Words we know but we never use.
We hear them in movies or books.
Then one day something happens in our life. A time when we use that word.
Then, in a blink of an eye, the word is familiar, common and all encompassing.
leukemia.
That's my word.My word that I never thought I'd need. And now? Every day.. several times a day.
Being an aunt gives me one of the greatest joys I have ever experienced.
They light up my life every single day. They are funny, innocent, pure.
leukemia is trying to take that away from one of them. all of them in a way.
it is tugging at her innocence and pulling away her smile.
not fair.
that's what I say.
It's not fair.
She is too young, too innocent, too sweet.
But, cancer is not a respector of persons.
It makes me angry. Some handle things like this with poise. With grace. With strengh.
I'm not to that point just yet. I'm still angry.

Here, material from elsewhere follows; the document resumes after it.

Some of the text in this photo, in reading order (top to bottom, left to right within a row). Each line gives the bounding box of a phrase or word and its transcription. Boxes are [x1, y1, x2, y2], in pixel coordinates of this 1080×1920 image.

I'm grateful for those around me that are walking with strength and acting with grace. They are getting me through the days. I'll get there... I'll find it.

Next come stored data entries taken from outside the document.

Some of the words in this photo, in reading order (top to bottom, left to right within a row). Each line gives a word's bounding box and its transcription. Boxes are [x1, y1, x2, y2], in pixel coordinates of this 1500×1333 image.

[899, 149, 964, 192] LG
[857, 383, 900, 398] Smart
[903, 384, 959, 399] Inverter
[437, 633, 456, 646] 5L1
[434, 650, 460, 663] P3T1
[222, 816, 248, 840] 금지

I know that God is watching over this family. I know that he KNOWS how this feels. I know that he KNOWS how I feel. That is my strength. He is my strength. I think he is my whole family's strength.
She is strong. This girl can move mountains. This will be one sucky ride. There will be pain, sickness, trial. She may feel like quitting or giving in. But, we won't let her. She has more strength than she knows.

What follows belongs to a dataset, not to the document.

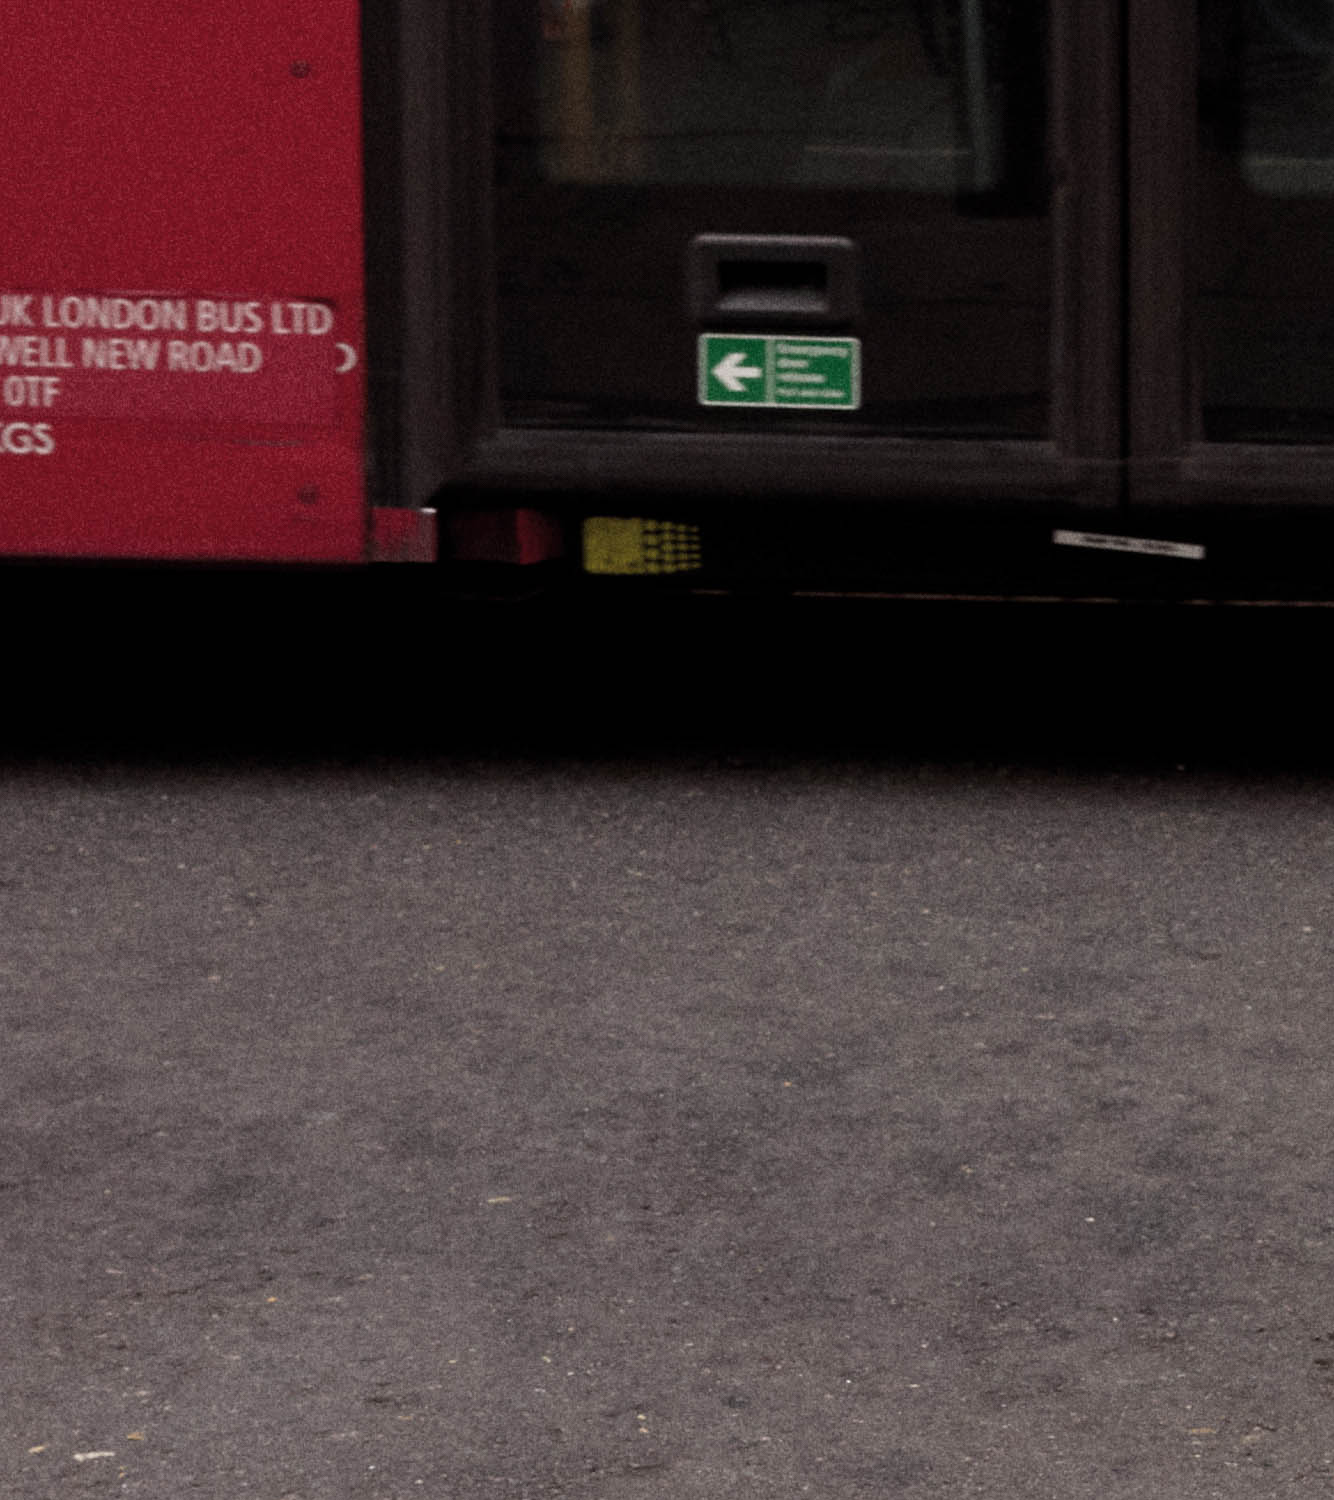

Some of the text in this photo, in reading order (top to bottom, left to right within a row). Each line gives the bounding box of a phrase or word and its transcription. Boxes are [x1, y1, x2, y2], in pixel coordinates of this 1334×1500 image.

When she comes out of this... she will know who she is, know what she stands for, know what her calling is. Cancer has picked the wrong girl and the wrong family.
Ashtyn-Remember your capabilities. Remember your strengths. There is an army forming in your behalf. The battle cry has been sung and we are on the front lines. We have come only for victory. We will never give up and neither can you! We love you! Now Fight!